Question about 6to4

Ted Mittelstaedt tedm at
Fri May 15 00:47:44 CEST 2009


> -----Original Message-----
> From: at 
> [ at] On 
> Behalf Of Martin List-Petersen
> Sent: Thursday, May 14, 2009 3:05 PM
> To: Ted Mittelstaedt
> Cc: ipv6-ops at
> Subject: Re: Question about 6to4
> Steve Wilcox wrote:
> > Hey Ted,
> >  you sort of answered your own question - the aggregate is 
> announced 
> > as an anycast and the v6 routing table doesn't know where the 
> > individual v6 packets are destined.
> > 
> > So the v6 packets find their way to the nearest 6to4 relay, 
> that then 
> > converts to v4 and its routed out as v4. As you say HE is one major 
> > sink for that, as a result of them being so well connected.
> > 
> > Thats one of the downsides with 6to4 - the packet may go in 
> the wrong 
> > direction in v6 before passing through the relay and then 
> heading in 
> > the opposite direction to find the v4 endpoint.

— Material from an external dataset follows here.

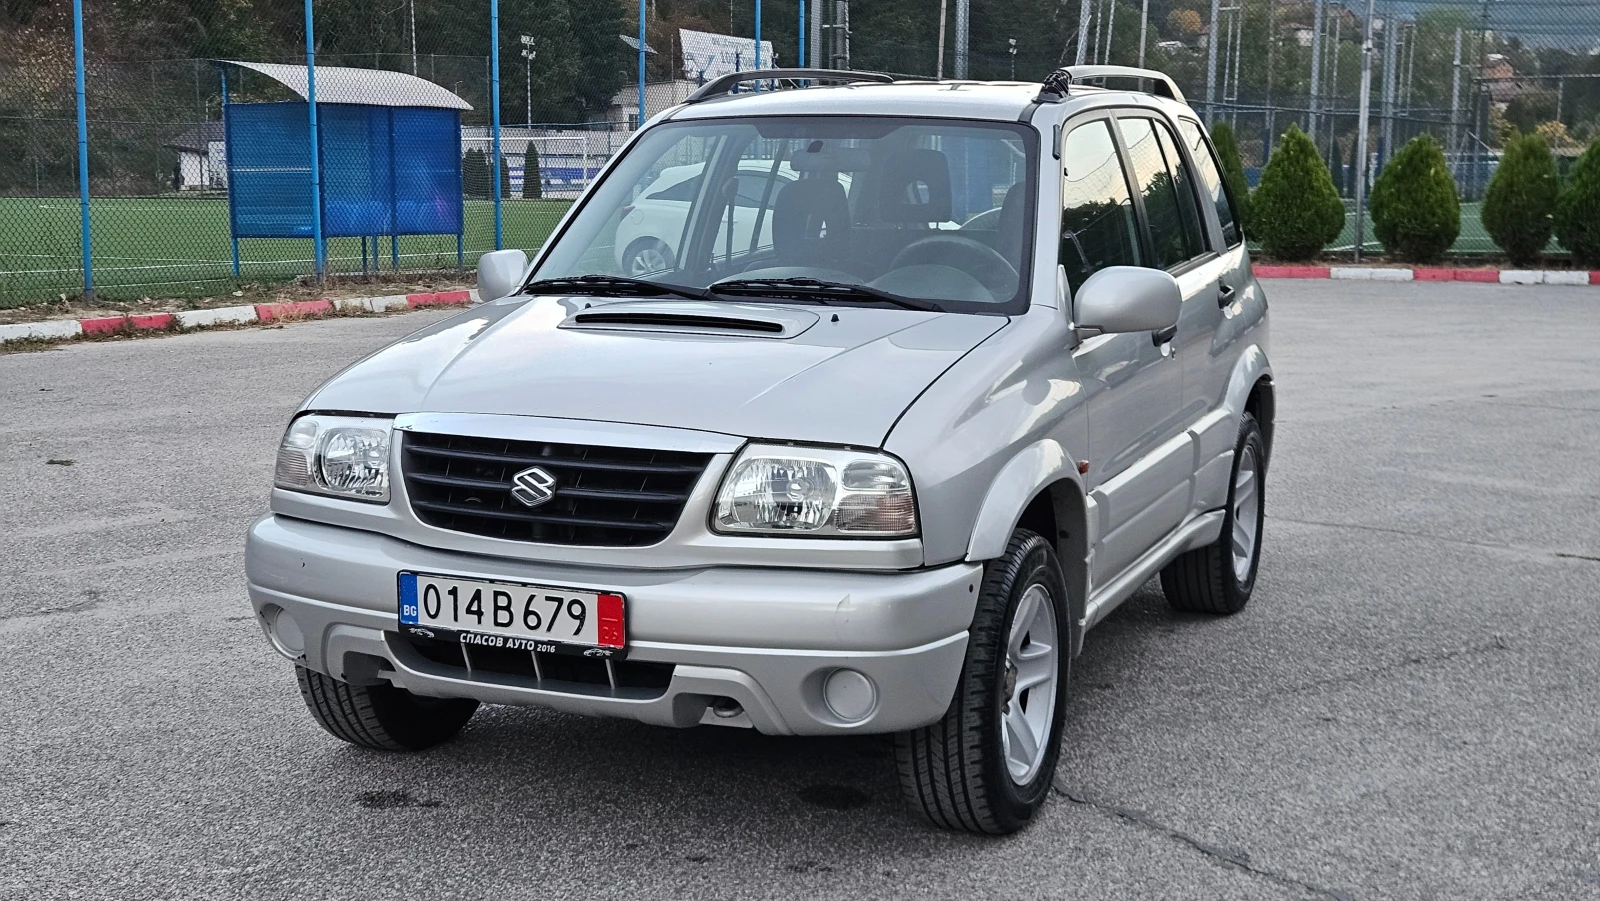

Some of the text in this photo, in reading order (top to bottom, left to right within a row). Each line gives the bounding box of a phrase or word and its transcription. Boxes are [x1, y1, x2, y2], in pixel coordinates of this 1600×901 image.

> And just to add to that, the v4 side works exactly the same. 
> The anycast prefix there is
> In our case (we're in Ireland), the relays in our path were 
> in Sweden, Germany and Italy, which never is a good result, 
> so we set our own gateway up.
> Now, talking about 6to4, 6to4 is never to be preferred. If 
> you can get people to use native IPv6, you should at any time 
> prefer that solution, or 6in4 tunnels for that sake.

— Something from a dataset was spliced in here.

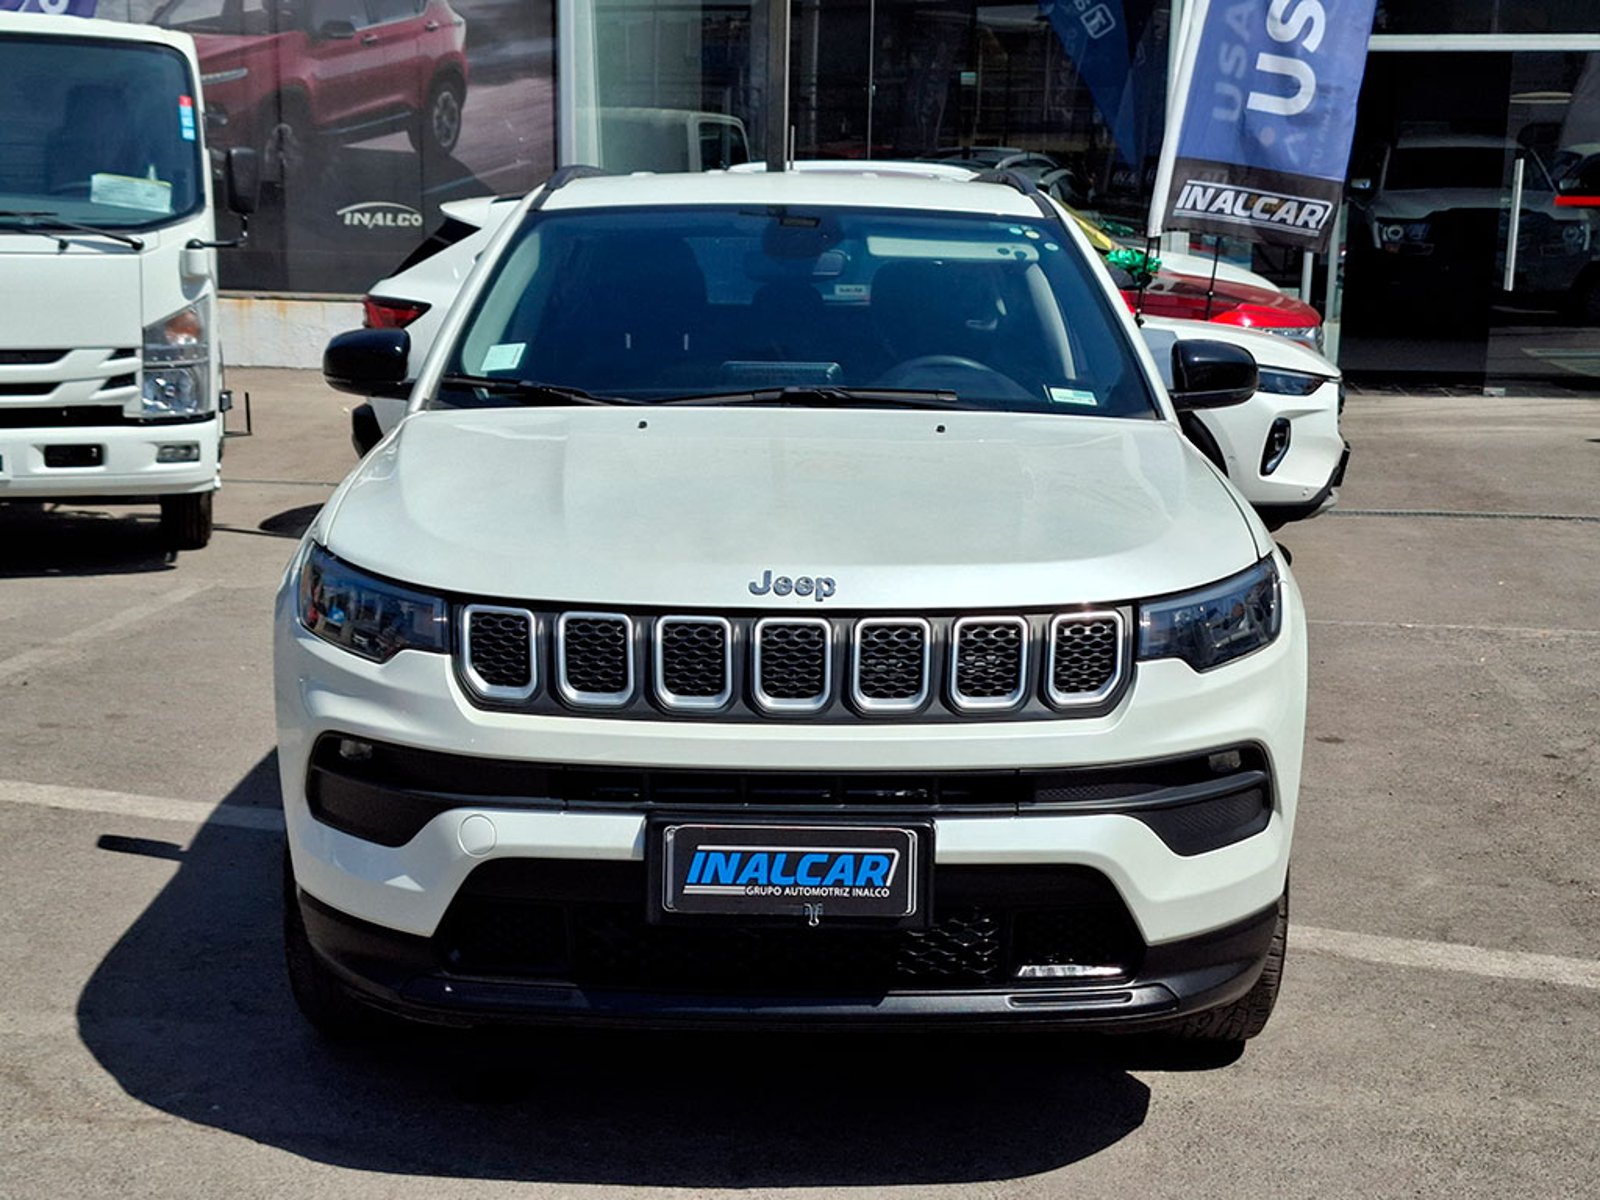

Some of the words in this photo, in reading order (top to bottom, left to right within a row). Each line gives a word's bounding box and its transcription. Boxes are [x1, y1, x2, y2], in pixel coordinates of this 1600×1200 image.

The problem is finding a cheap router costing under $40 that
can be used on the end of a DSL line, and that speaks IPv6 and
is supported from the manufacturer.  Right
now what seems to be the popular route to go is the
firmware but all the routers that are in that price range are
4MB flash and will only run the mini loads, not the mega loads
(ie: Linksys WRT54GL, ASUS WL520GU, etc.) and getting IPv6 running
in 4MB on those is a lot of configuration work that I can see
is just waiting to crash and burn and create a support issue.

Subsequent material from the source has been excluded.